*** Opening Available data ***

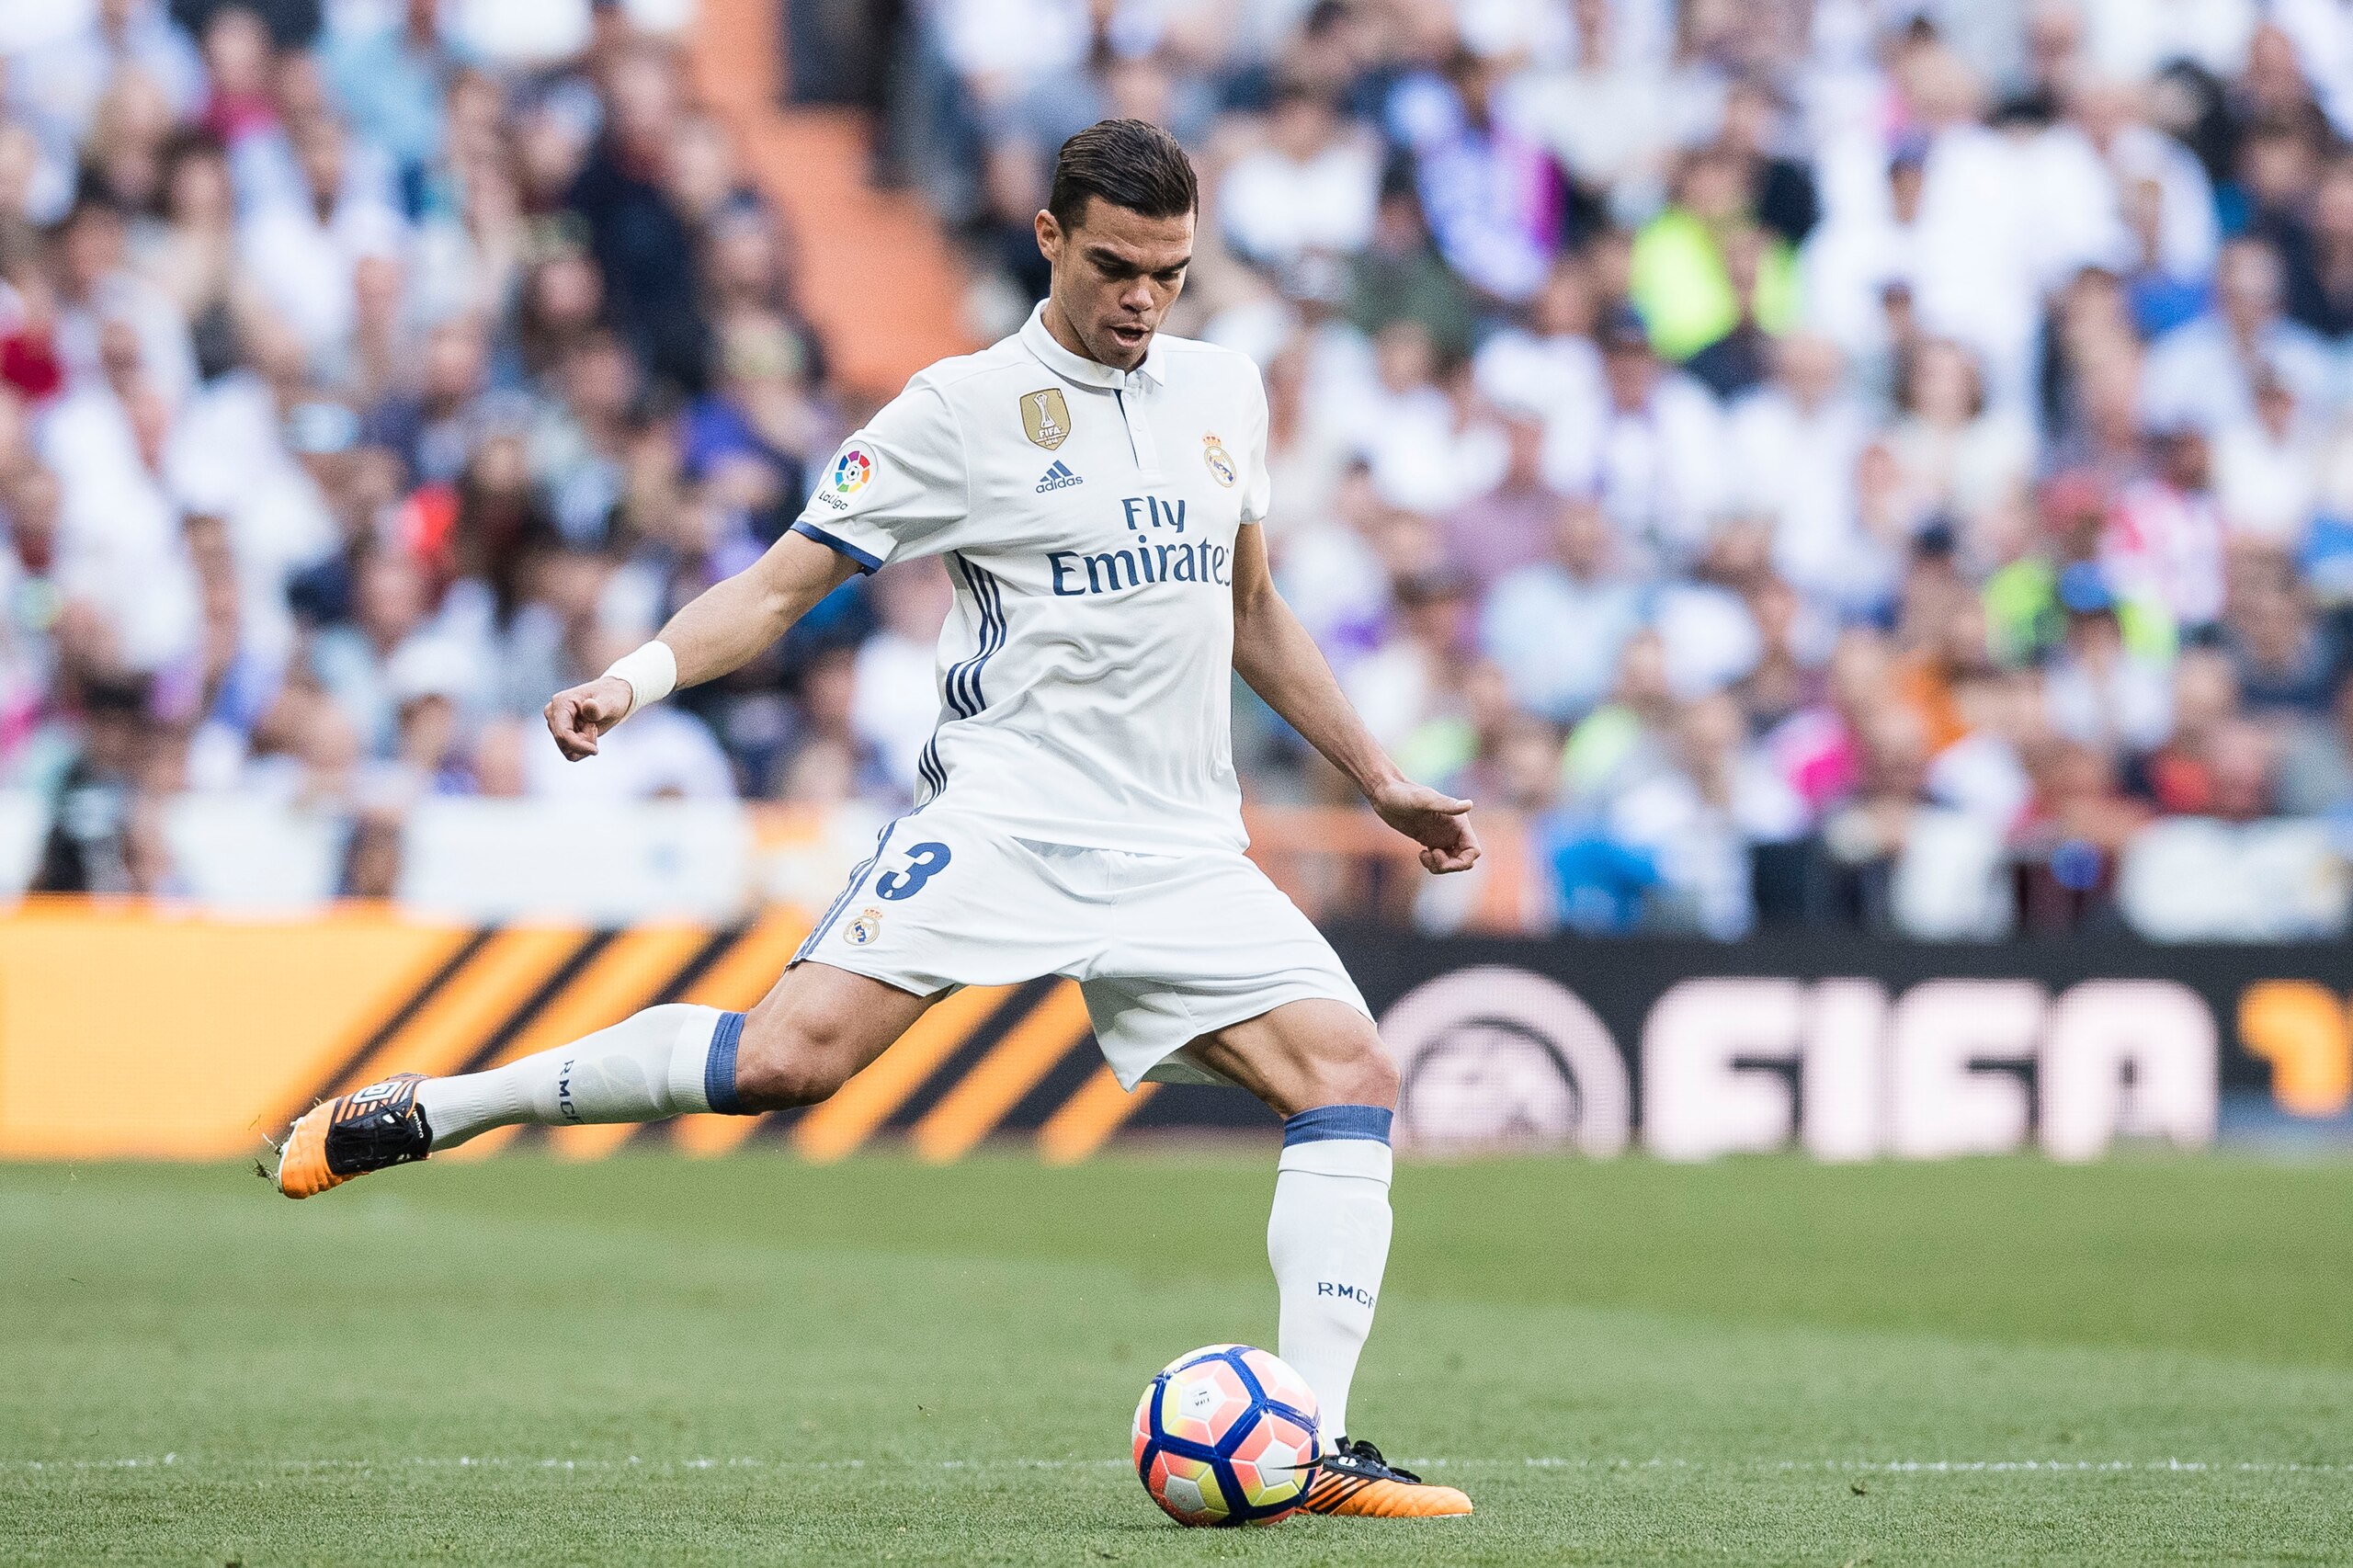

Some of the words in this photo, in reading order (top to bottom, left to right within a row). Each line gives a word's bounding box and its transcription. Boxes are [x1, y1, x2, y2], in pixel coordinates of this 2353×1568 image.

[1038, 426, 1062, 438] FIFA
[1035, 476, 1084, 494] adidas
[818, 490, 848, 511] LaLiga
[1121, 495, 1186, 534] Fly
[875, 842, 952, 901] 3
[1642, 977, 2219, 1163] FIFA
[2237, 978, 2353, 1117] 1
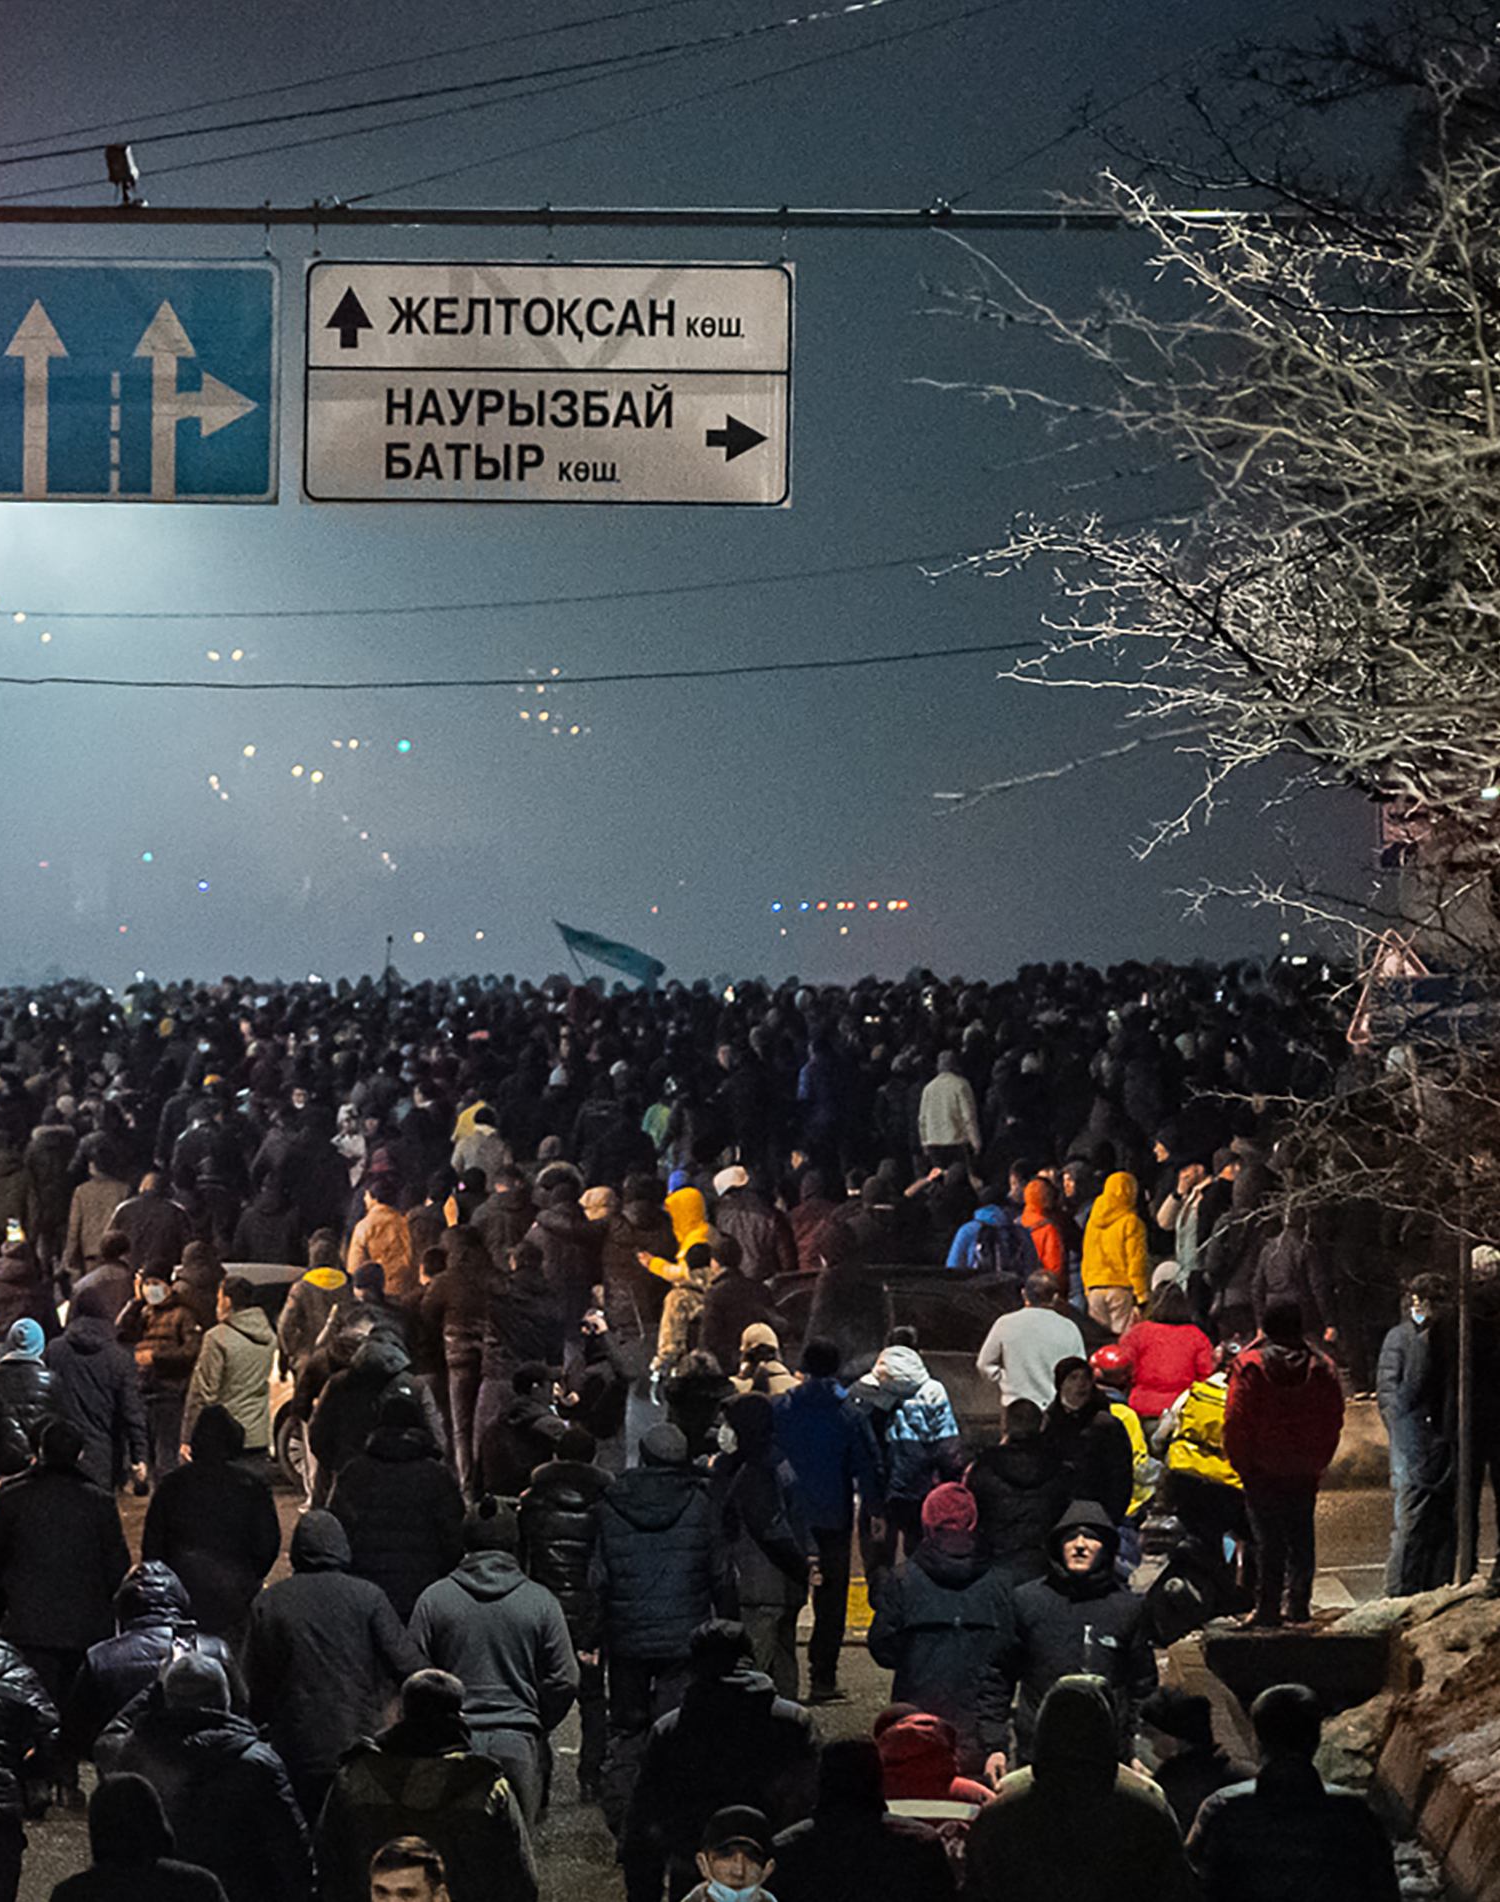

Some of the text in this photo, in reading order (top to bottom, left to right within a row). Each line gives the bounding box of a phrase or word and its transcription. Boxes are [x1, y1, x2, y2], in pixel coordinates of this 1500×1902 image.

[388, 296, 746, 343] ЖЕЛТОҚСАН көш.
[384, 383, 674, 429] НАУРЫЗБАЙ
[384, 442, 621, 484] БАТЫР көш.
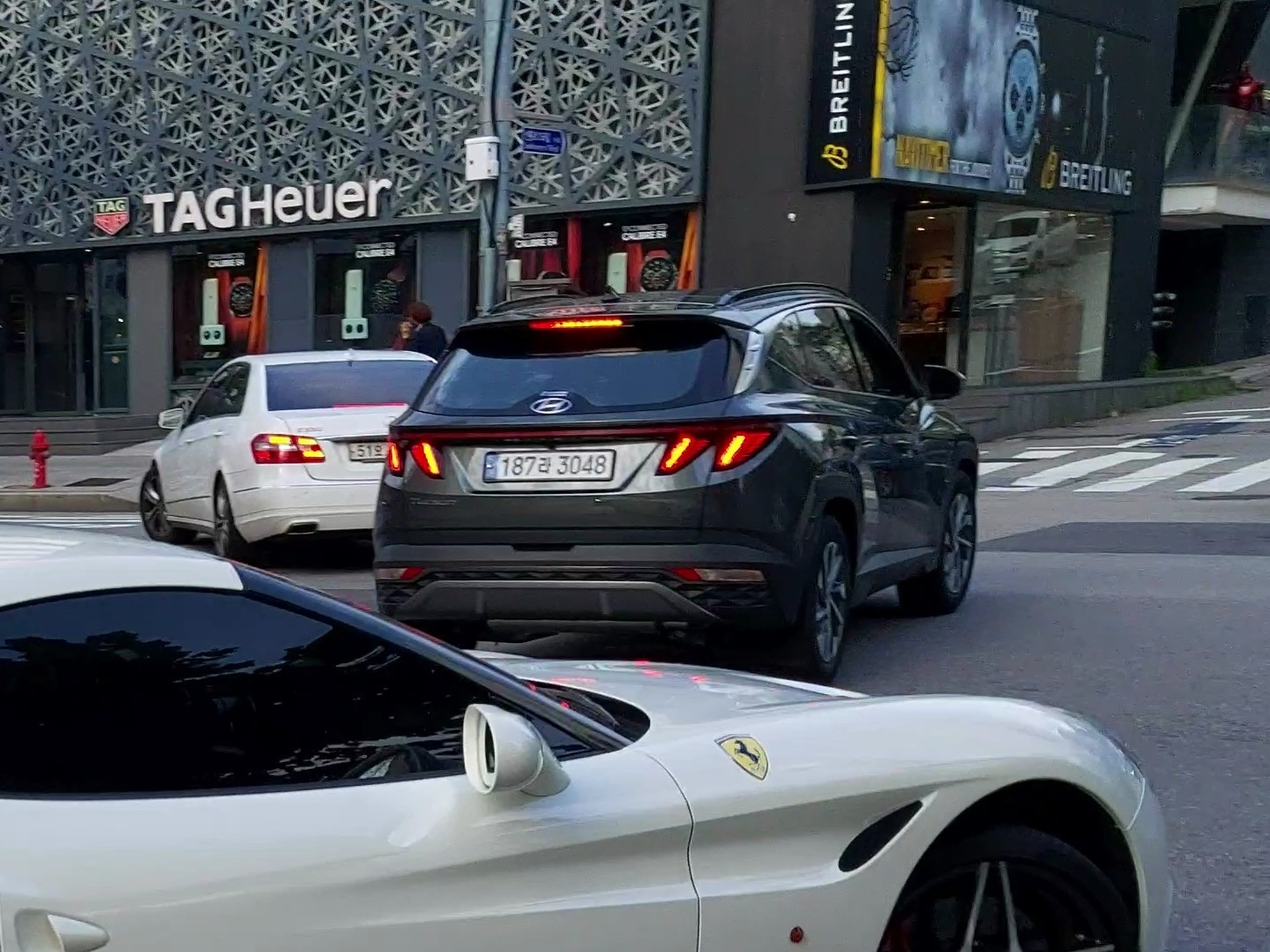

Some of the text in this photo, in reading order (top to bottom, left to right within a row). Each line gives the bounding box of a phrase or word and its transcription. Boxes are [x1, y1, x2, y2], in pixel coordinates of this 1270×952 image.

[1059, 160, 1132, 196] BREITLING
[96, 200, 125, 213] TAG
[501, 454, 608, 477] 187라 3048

*** Closing Available data ***

• _What is needed_: Reproduce the entries exactly. Do not carry over any picture.

• _Answer to the problem_:
Some of the words in this photo, in reading order (top to bottom, left to right within a row). Each line gives a word's bounding box and its transcription. Boxes are [x1, y1, x2, y2], in pixel coordinates of this 2353×1568 image.

[1038, 426, 1062, 438] FIFA
[1035, 476, 1084, 494] adidas
[818, 490, 848, 511] LaLiga
[1121, 495, 1186, 534] Fly
[875, 842, 952, 901] 3
[1642, 977, 2219, 1163] FIFA
[2237, 978, 2353, 1117] 1

Some of the text in this photo, in reading order (top to bottom, left to right within a row). Each line gives the bounding box of a phrase or word and its transcription. Boxes are [x1, y1, x2, y2], in pixel coordinates of this 1500×1902 image.

[388, 296, 746, 343] ЖЕЛТОҚСАН көш.
[384, 383, 674, 429] НАУРЫЗБАЙ
[384, 442, 621, 484] БАТЫР көш.

Some of the text in this photo, in reading order (top to bottom, left to right within a row). Each line gives the bounding box of a phrase or word and its transcription. Boxes are [x1, y1, x2, y2], in pixel coordinates of this 1270×952 image.

[1059, 160, 1132, 196] BREITLING
[96, 200, 125, 213] TAG
[501, 454, 608, 477] 187라 3048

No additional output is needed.